[ASSIGNED TASK] Return every entry exactly as written, with the pictures removed.

(Source records)
----------------------------------------

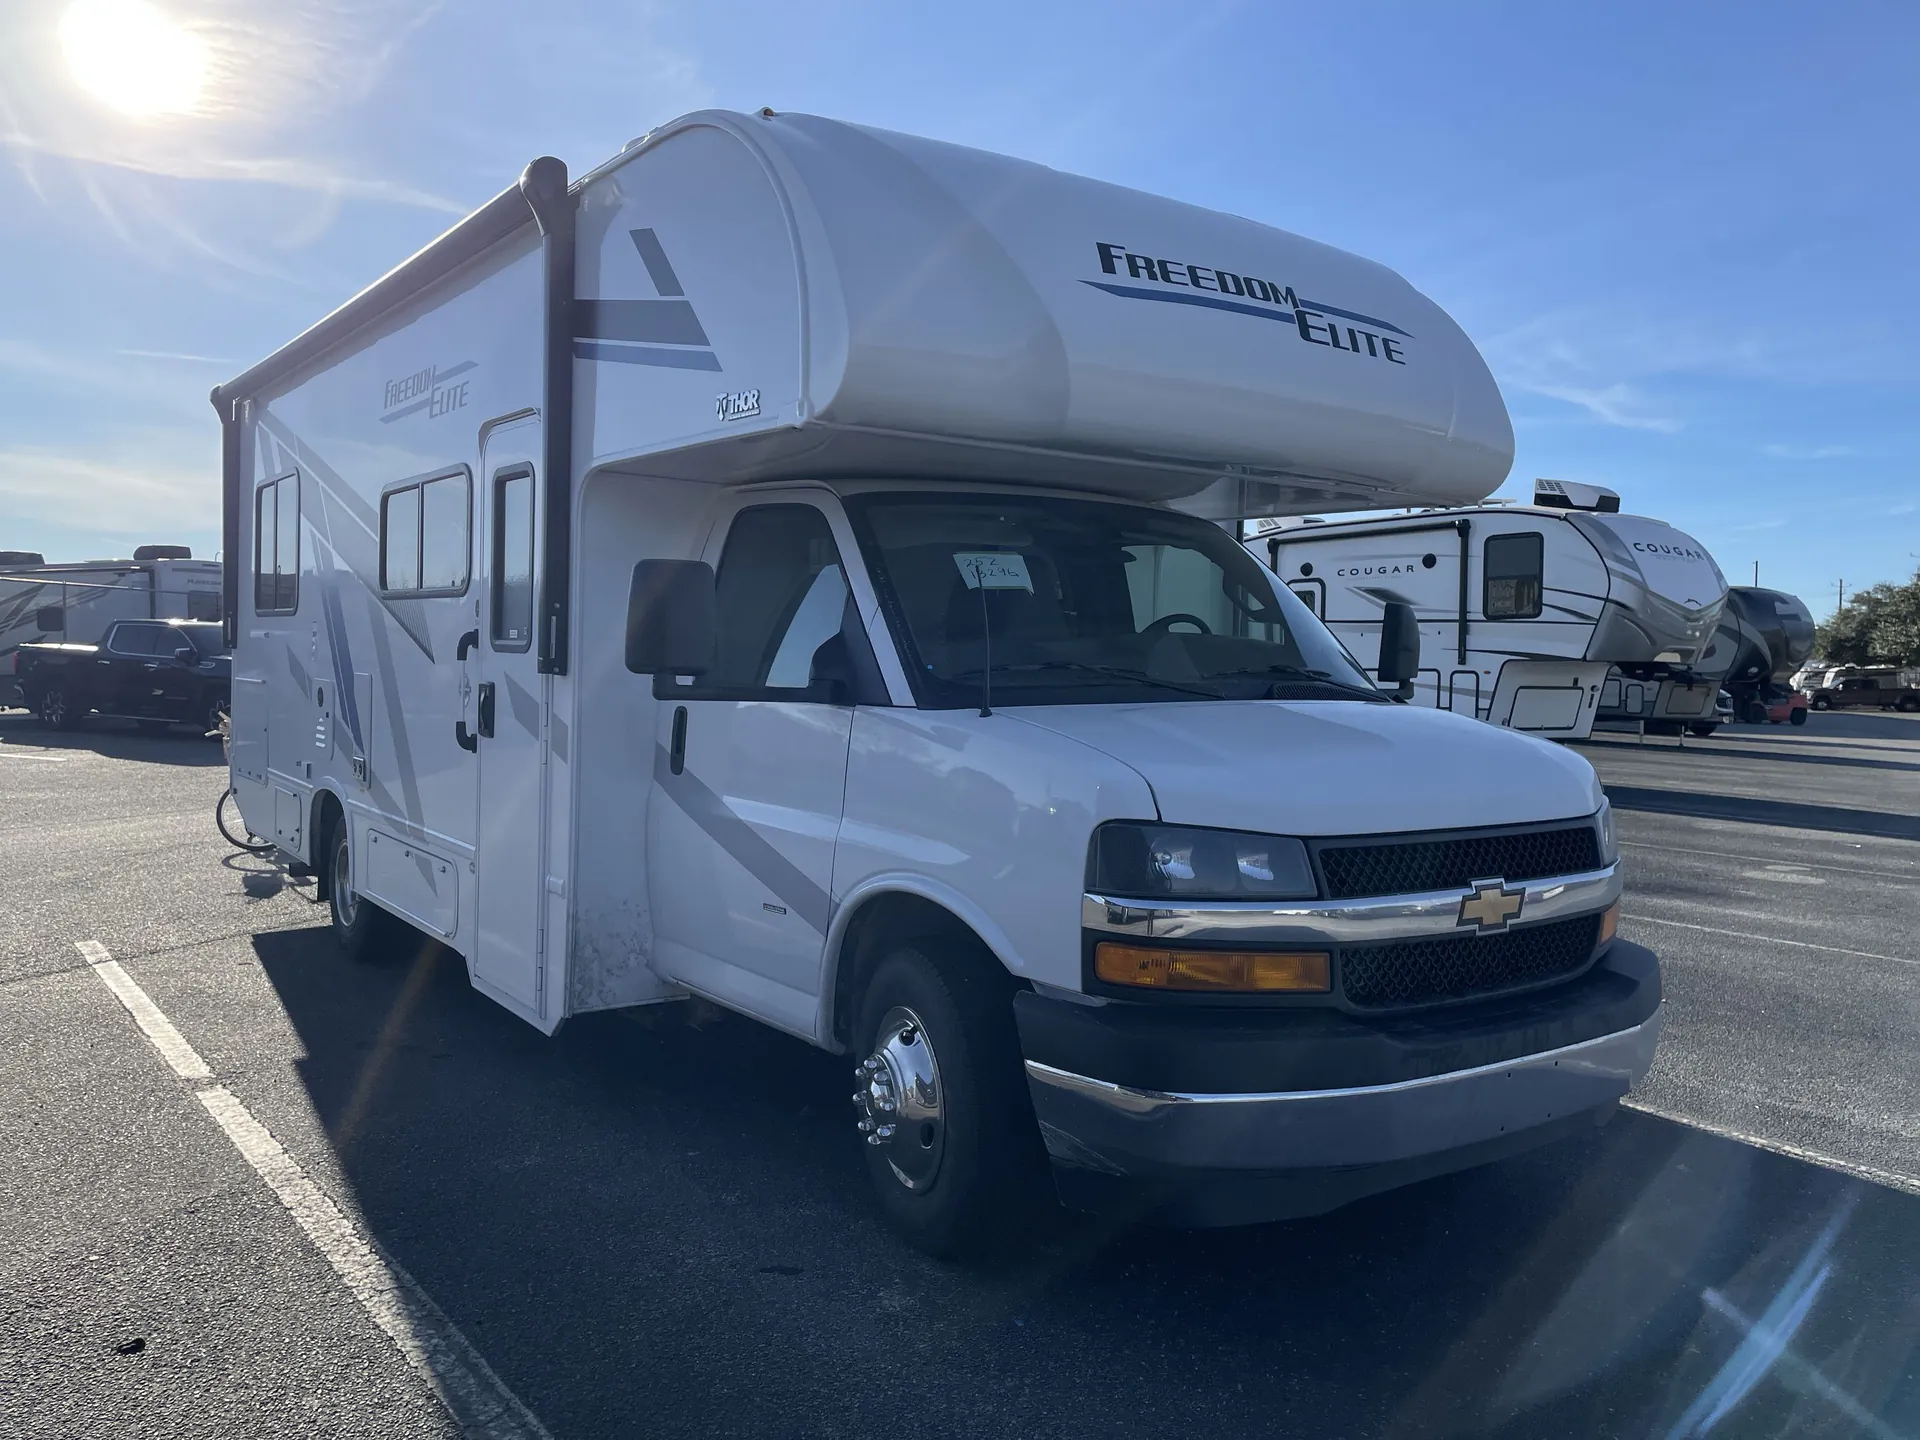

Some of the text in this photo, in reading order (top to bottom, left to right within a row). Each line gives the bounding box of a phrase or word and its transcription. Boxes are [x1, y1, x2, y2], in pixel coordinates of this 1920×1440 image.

[1095, 241, 1300, 310] FREEDOM
[1294, 309, 1407, 366] ELITE
[384, 364, 437, 410] FREEDOM
[428, 380, 470, 419] ELITE
[728, 388, 761, 415] THOR
[1337, 564, 1415, 577] COUGAR
[1633, 542, 1705, 561] COUGAR

----------------------------------------

[SOLVED EXERCISE]
Some of the text in this photo, in reading order (top to bottom, left to right within a row). Each line gives the bounding box of a phrase or word and its transcription. Boxes are [x1, y1, x2, y2], in pixel coordinates of this 1920×1440 image.

[1095, 241, 1300, 310] FREEDOM
[1294, 309, 1407, 366] ELITE
[384, 364, 437, 410] FREEDOM
[428, 380, 470, 419] ELITE
[728, 388, 761, 415] THOR
[1337, 564, 1415, 577] COUGAR
[1633, 542, 1705, 561] COUGAR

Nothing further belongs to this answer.